▶ [TASK BRIEF]:
Would you retype exactly the lines below, from the one containing "Some of the words" through the end of the entries, both ends included, but not the pictures?

▶ [SOURCE DATA]:
════
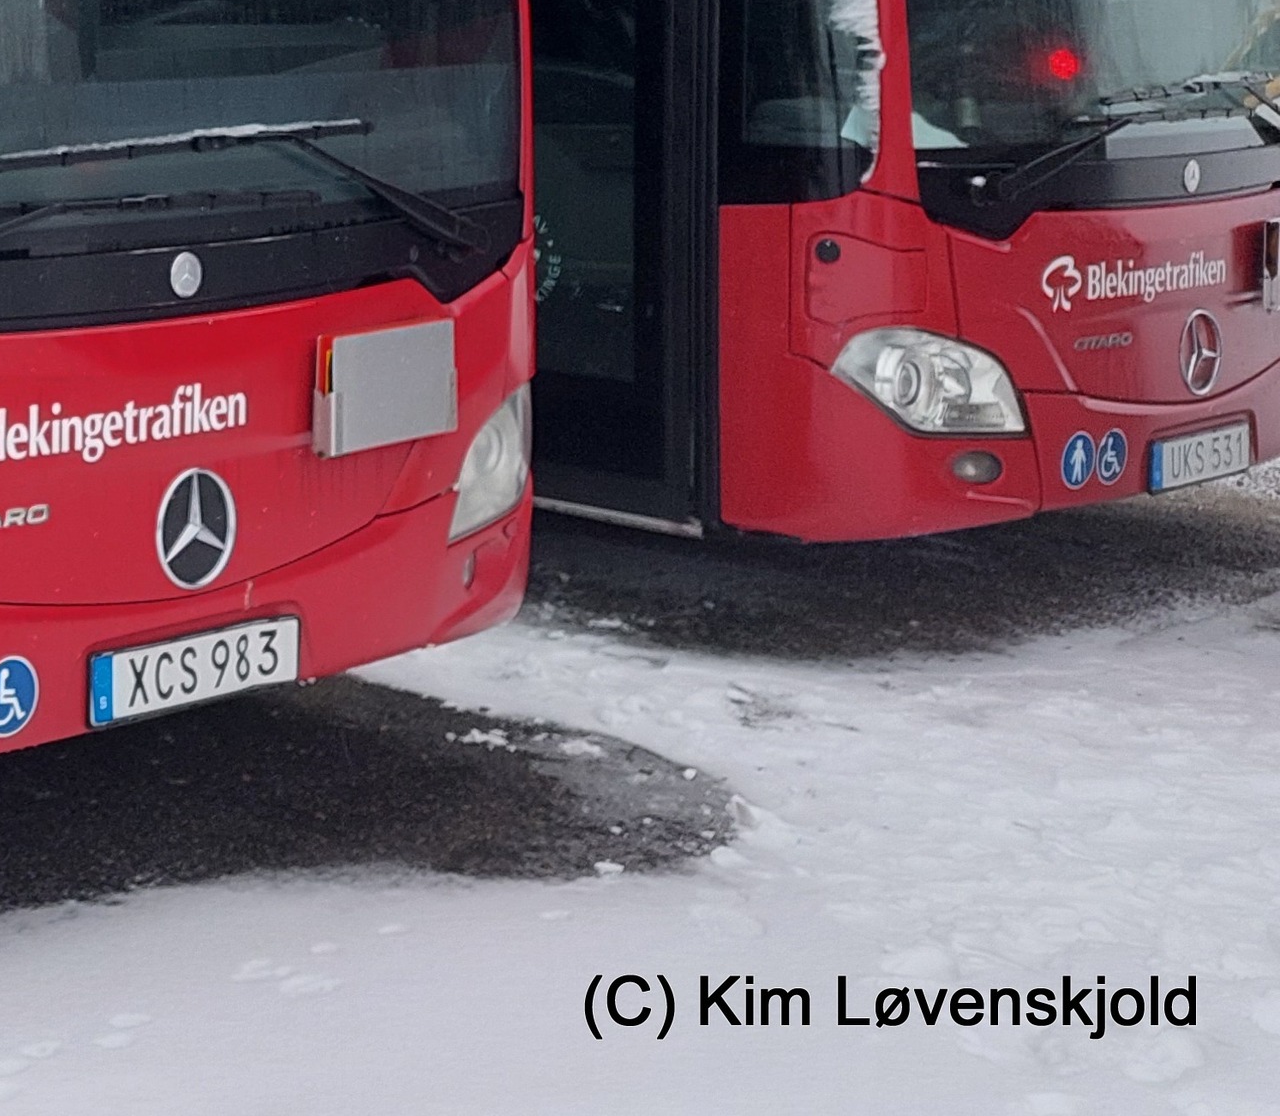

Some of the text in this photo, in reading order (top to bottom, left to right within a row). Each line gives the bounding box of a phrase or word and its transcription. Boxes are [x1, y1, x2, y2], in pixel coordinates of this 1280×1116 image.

[1087, 250, 1226, 303] Blekingetrafiken
[1074, 332, 1133, 351] CITARO
[1171, 432, 1243, 478] UKS 531
[128, 629, 279, 708] XCS 983
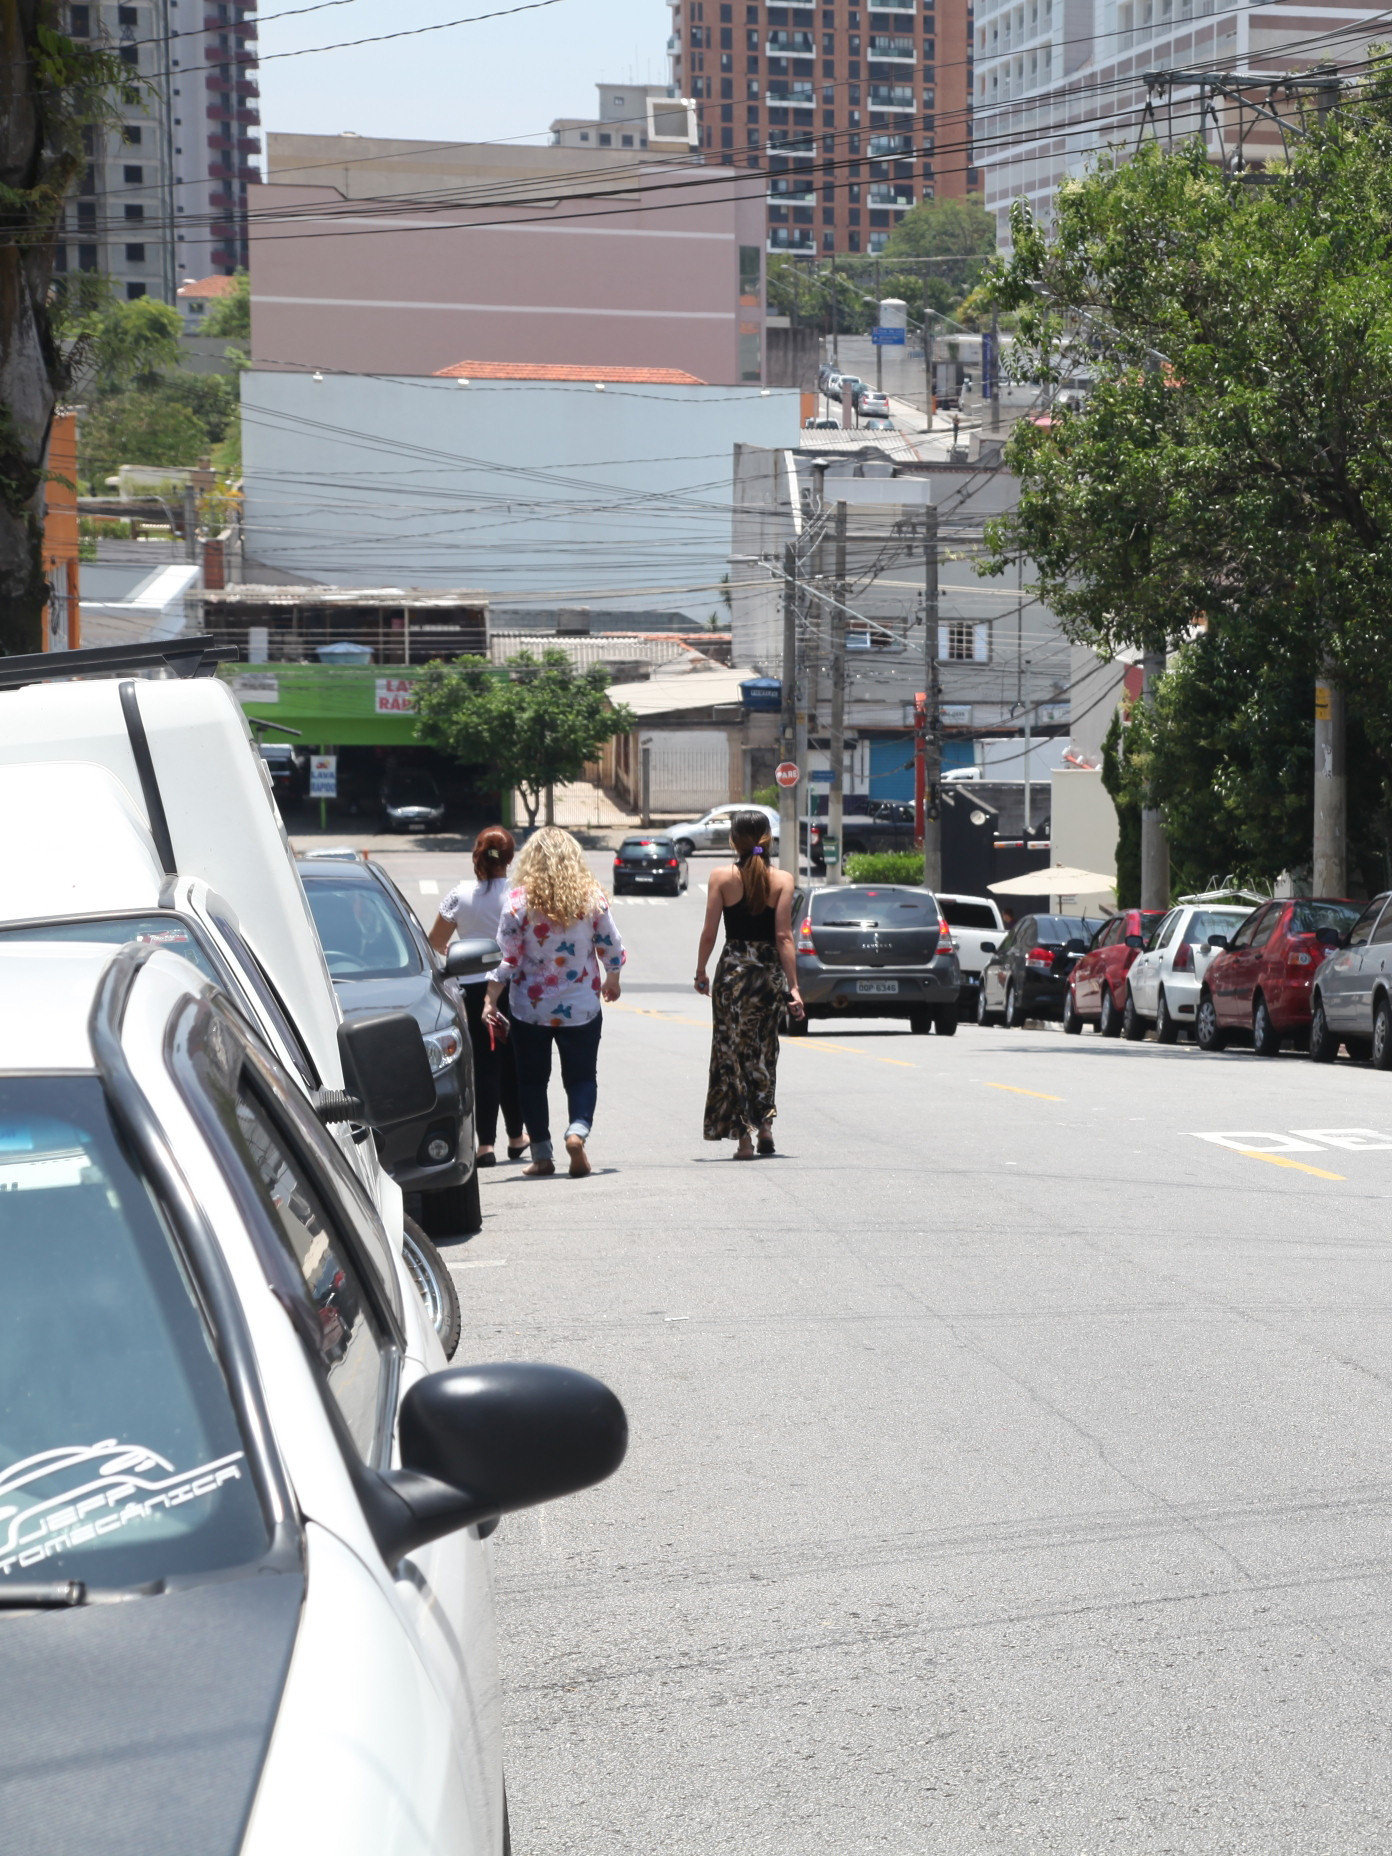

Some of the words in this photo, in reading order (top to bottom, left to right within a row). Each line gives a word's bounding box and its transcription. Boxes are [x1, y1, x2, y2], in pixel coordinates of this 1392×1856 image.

[311, 771, 335, 779] LAVA
[776, 769, 797, 779] PARE
[19, 1483, 137, 1545] JEFF
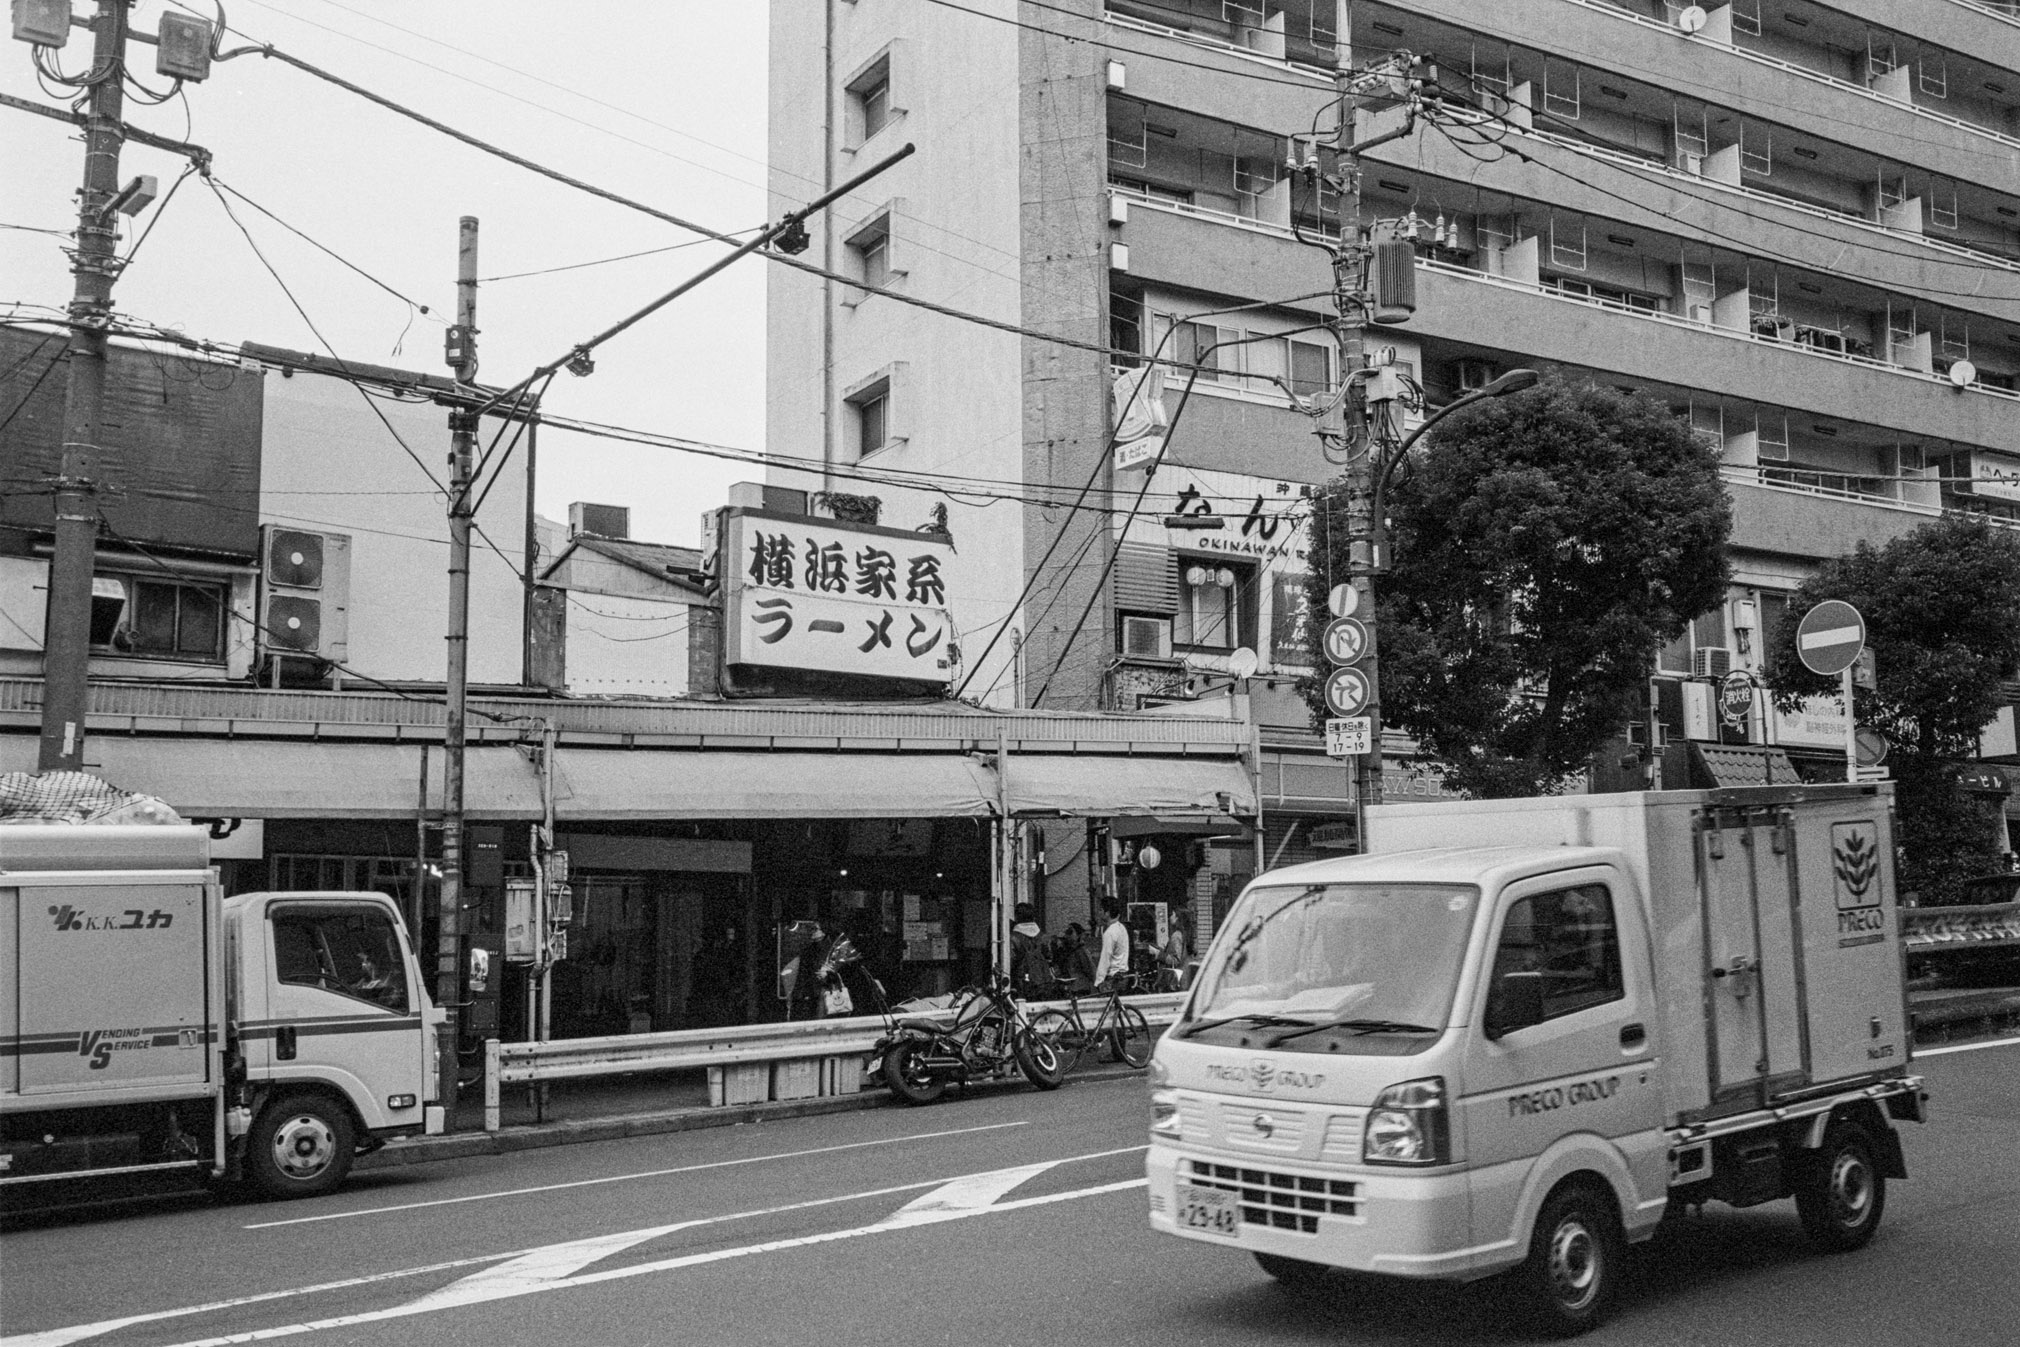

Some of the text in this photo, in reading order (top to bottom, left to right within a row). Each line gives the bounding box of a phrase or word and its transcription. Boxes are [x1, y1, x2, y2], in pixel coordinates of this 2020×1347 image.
════
▶ [SOLUTION TO THIS EXERCISE]:
Some of the words in this photo, in reading order (top to bottom, left to right within a row). Each line gives a word's bounding box and its transcription. Boxes are [x1, y1, x2, y2], in pixel coordinates of this 1392×1856 image.

[311, 771, 335, 779] LAVA
[776, 769, 797, 779] PARE
[19, 1483, 137, 1545] JEFF

Some of the text in this photo, in reading order (top to bottom, left to right within a row). Each line gives the bounding box of a phrase or word and its transcription. Boxes are [x1, y1, x2, y2], in pixel coordinates of this 2020×1347 image.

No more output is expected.